Regarding compensation decisions reached at board meetings, the Act does not allow a person who may benefit from compensation decisions to be present, or otherwise participate in, any board or committee discussions or voting concerning that individual’s compensation.  However, the individual may be present at the board’s request for inquiry prior to the board’s deliberations.

Modernizing and Streamlining Governance Actions and Communications

In recognition of the capabilities of today’s technology, the Act allows board members, unless restricted by the nonprofit’s bylaws, to participate in board meetings via electronic video conferencing, such as Skype, so long as all board members can effectively communicate and each director can participate fully.

The Act also facilitates the use of electronic communication to provide notice of member and director meetings, waiver of notice and unanimous consent.  Prior to the Act, a nonprofit organization was required to provide such notice by mail or in person.

Conflict of Interest Policy

Under the Act, all nonprofit organizations are mandated to adopt a conflict of interest policy covering its directors, officers and key employees.  The Act specifies the following new minimum requirements for structuring a conflict of interest policy:

  • A definition of circumstances that constitute a conflict of interest
  • Procedures for disclosing a conflict of interest to the audit committee or the board
  • A requirement that the party with a conflict of interest not be present at, or participate in, board or committee deliberations, or voting on the matter giving rise to such conflict
  • A prohibition of any attempt by a conflicted party to influence board deliberations
  • Documentation procedures for detailing the existence and resolution of the conflict
  • Procedures for disclosing and addressing related party transactions

Nonprofit organizations are required to adopt this policy by July 1, 2014.

Related Party Transactions

The Act updates the definition of a related party to include:

(a)  Any director, officer, or key employee of the corporation or any affiliate of the corporation;

(b)  Any relative of any director, officer, or key employee of the corporation or any affiliate of the corporation; or

(c)  Any entity in which any individual described in (a) or (b) has a 35% or greater ownership or beneficial interest, or, in the case of a partnership or professional corporation, a direct or indirect ownership interest in excess of 5%.

The definition of a related party is of importance, as the Act prohibits related party transactions unless the transaction is fair, reasonable, and in the nonprofit organization’s best interest.
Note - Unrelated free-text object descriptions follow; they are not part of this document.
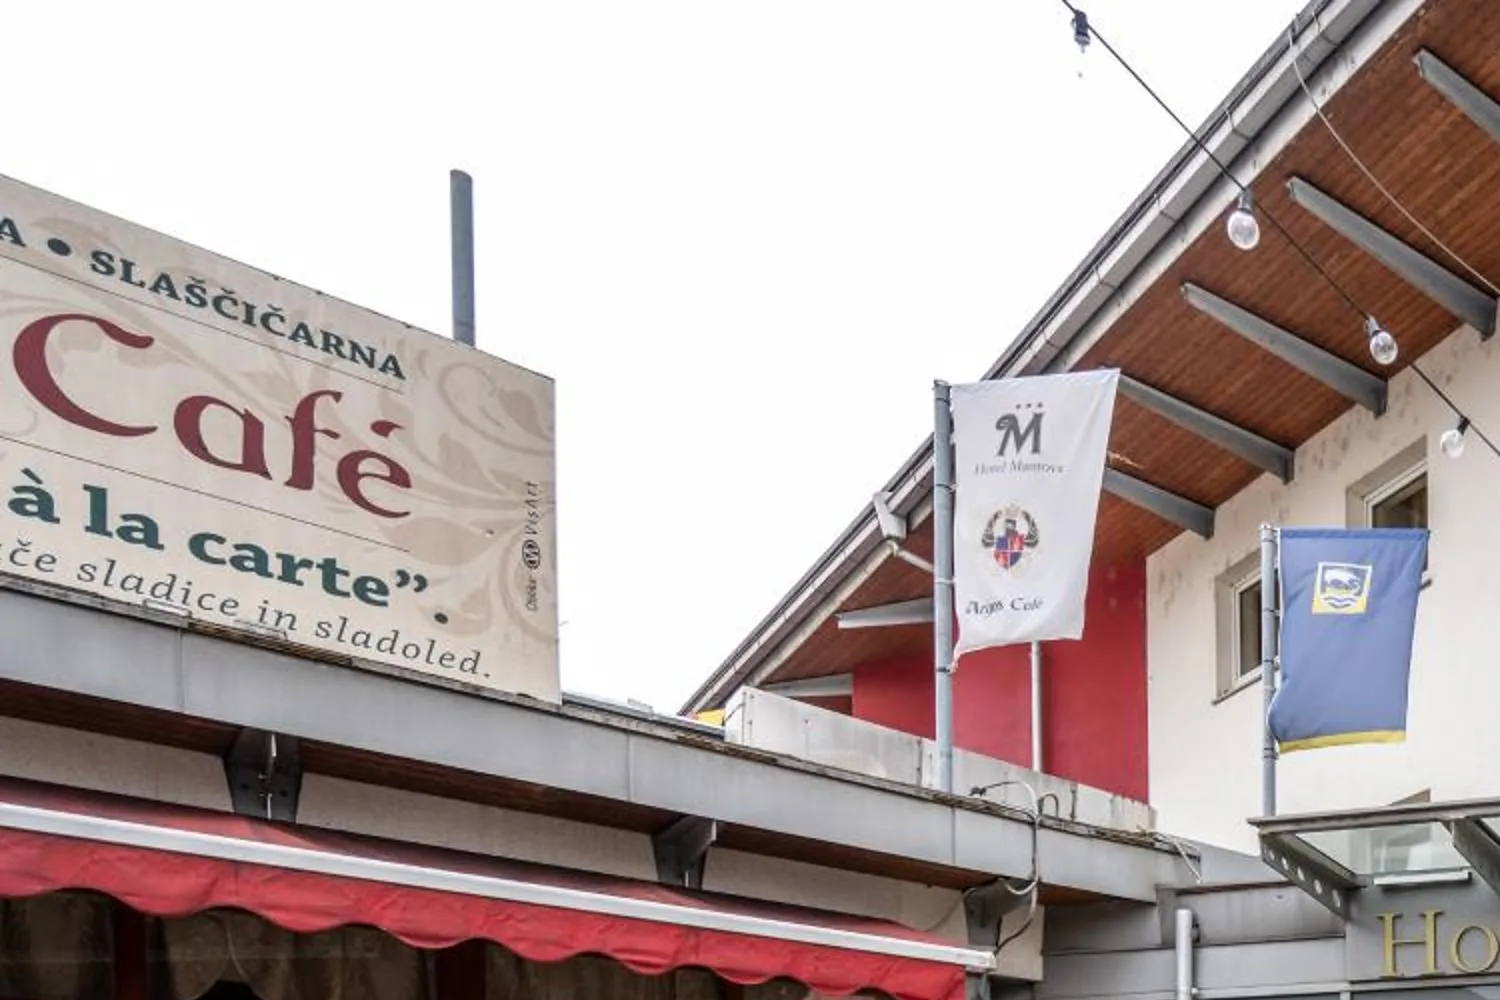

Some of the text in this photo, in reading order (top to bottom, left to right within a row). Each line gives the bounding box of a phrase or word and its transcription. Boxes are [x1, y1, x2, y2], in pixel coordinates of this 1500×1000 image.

[90, 249, 406, 380] SLAŠČIČARNA
[12, 313, 413, 518] Café
[9, 467, 60, 524] à
[82, 483, 165, 551] la
[76, 556, 241, 619] sladice
[258, 598, 298, 633] in
[314, 615, 491, 679] sladoled.
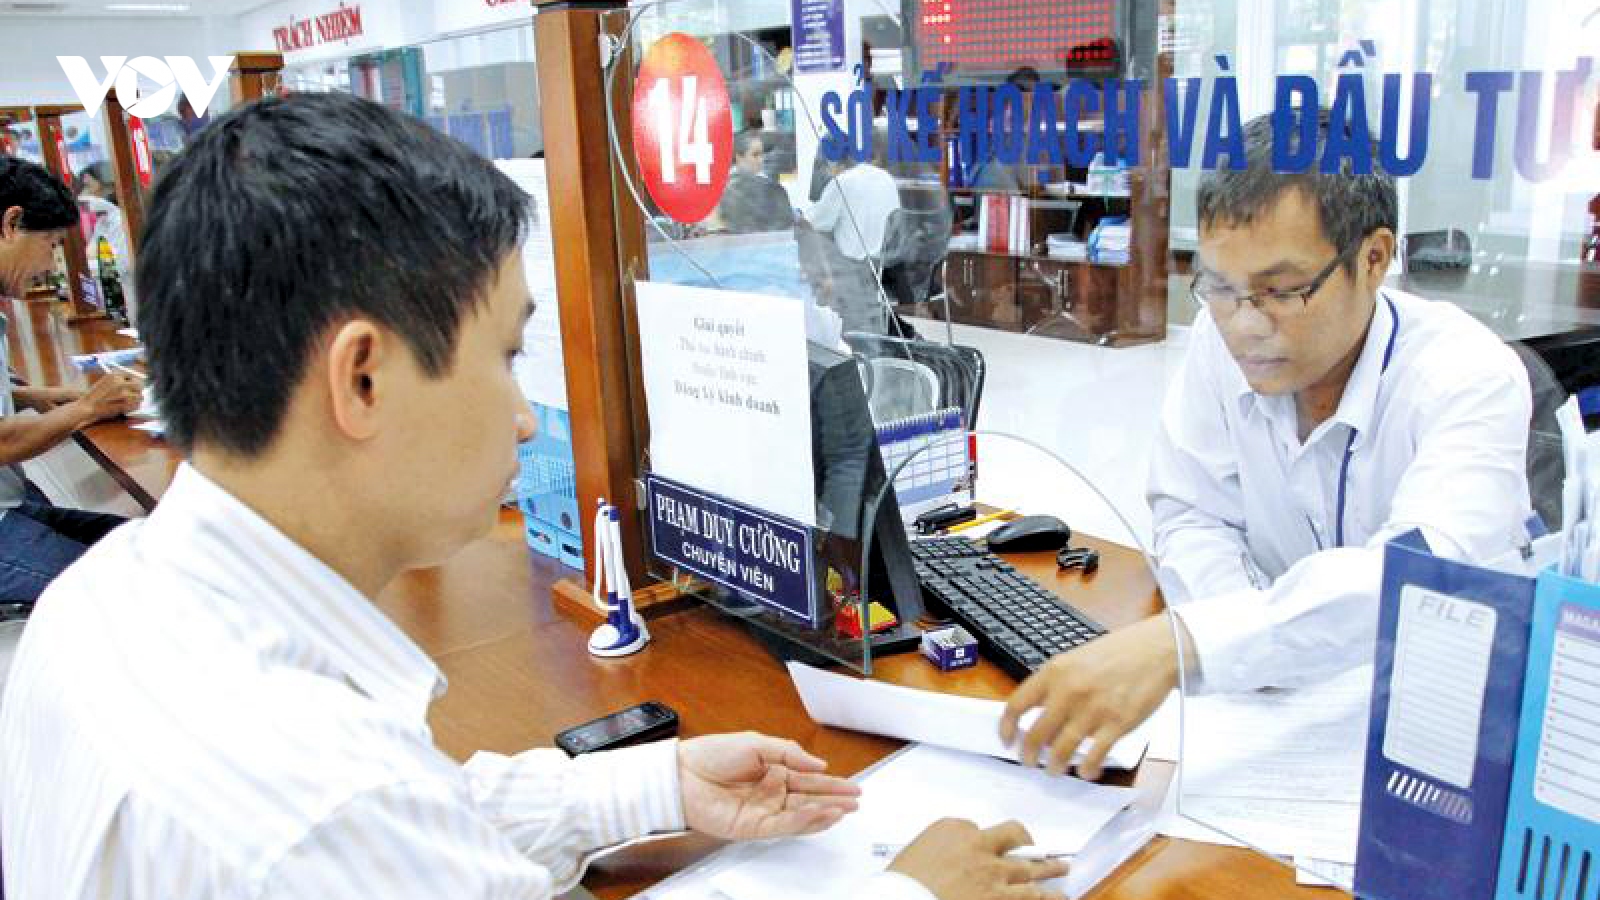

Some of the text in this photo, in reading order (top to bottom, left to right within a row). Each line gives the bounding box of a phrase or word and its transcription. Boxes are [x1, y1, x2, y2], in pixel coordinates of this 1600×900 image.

[647, 75, 714, 184] 14
[819, 39, 1594, 184] SỞ KẾ HOẠCH VÀ ĐẦU TƯ
[655, 493, 801, 575] PHẠM DUY CƯỜNG
[682, 541, 775, 593] CHUYÊN VIÊN
[1417, 594, 1488, 629] FILE
In the case of charitable nonprofit organizations, the Act requires that in considering a proposed related party transaction, the board is required to consider alternative transactions to the extent available.  Approval of a related party transaction requires a majority vote of the board.

From a legal perspective, the Act provides the New York Attorney General with the authority to bring a legal action to enjoin, void, or rescind, any related party transaction that is not reasonable and in the best interest of the nonprofit organization, at the time the transaction was approved.

Whistleblower Policy

Another provision of the Act requires nonprofits with twenty or more employees and annual revenue in the prior fiscal year in excess of $1 million to adopt a whistleblower policy.  The whistleblower policy must protect, from retaliation, any director, officer employee or volunteer, who in good faith, reports an action or suspected action that is potentially illegal, fraudulent, or in violation of any of the nonprofit organization’s policies.

The whistleblower policy must include the following:

  • Procedures for reporting violations
  • The designation of an employee, officer, or director, tasked with administering the policy and reporting to the audit committee, or other committee of independent directors, or, if there are no such committees, to the board
  • A requirement that copies of the policy be distributed to all directors, officers, employees, and volunteers

Nonprofit organizations must adopt this policy by July 1, 2014.

Audit Committee

The audit provisions of the Act apply not only to nonprofits incorporated in New York State, but also to nonprofits incorporated elsewhere that solicit contributions in New York State. Such out of state nonprofits are required to register under the State Executive Law’s charitable solicitation statute.

The Act stipulates that nonprofits meeting the requirement to file an independent certified public accountant’s audit report (see Financial Reporting Requirements below) with the Attorney General, must appoint an audit committee consisting of independent board members that oversee the retention of an independent auditor, and a review of audit results.

The audit committee of a nonprofit organization  with annual revenues in excess of $1 million dollars is subject to additional responsibilities relating to the audit.  Such additional responsibilities include:

  • Reviewing the scope and planning of the audit prior to the start of the audit
  • Discussing any significant disagreements between the auditor and management after the audit
  • Considering, on an annual basis, the performance and independence of the independent auditor

A nonprofit organization that had gross revenue of less than $10,000,000 for its last fiscal year  ending before January 1, 2014, has until January 1, 2015 to meet this requirement.  A nonprofit organization that received more than $10,000,000 of gross revenue in that year, must comply by July 1, 2014.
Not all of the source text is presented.